На другом конце провода воцарилось молчание.
– Ну и что ты хочешь этим сказать? – через паузу спросила Нинон.
– Что она никуда не уехала и…
– А с чего ты взяла, что она вообще собиралась уезжать?
– Телефонный звонок о Ницце, я говорила тебе. Пакет молока…
– Что-то припоминаю.
– И потом, вместе с ее паспортом был еще один паспорт, заграничный.
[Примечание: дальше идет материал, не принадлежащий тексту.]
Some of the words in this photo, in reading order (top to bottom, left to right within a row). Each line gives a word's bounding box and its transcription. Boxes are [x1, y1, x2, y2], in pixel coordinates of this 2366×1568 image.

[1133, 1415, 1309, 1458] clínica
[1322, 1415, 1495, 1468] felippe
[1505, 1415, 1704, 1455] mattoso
С открытой визой… Какой-то хмырь по фамилии Радзивилл. И еще я нашла билеты. Черт, я уже говорила об этом… Один авиабилет в Париж. На четвертое февраля. Опять же с фамилией Радзивилл. Ничего тебе не говорит?
Ну, Нинон, напряги свою могучую память!
– Радзивиллы? Подожди, так это преданья старины глубокой! Княжеский род в Речи Посполитой… Ну да.
– Боюсь, это не тот случай. Радзивилл Г. Ю., сорок шесть лет.
– Ну и что?
– Как-то странно… Она носа домой не кажет, а дома валяются просроченные билеты во Францию и в Мурманск.
– Какой паспорт ты нашла? Общегражданский или заграничный?
– Общегражданский…
– А заграничный? – совершенно здраво спросила Нинон.
– Нет… Заграничного нет…
– Деревня! Для того чтобы выехать из страны, общегражданский не нужен. Ты же говоришь, она богатая. А у богатых свои причуды. Может, она уже давно во Франции. Может, она туда просто за лифчиками катается. Или за тесьмой на бикини… Я же говорила тебе, Наташка, не нравится мне вся эта история…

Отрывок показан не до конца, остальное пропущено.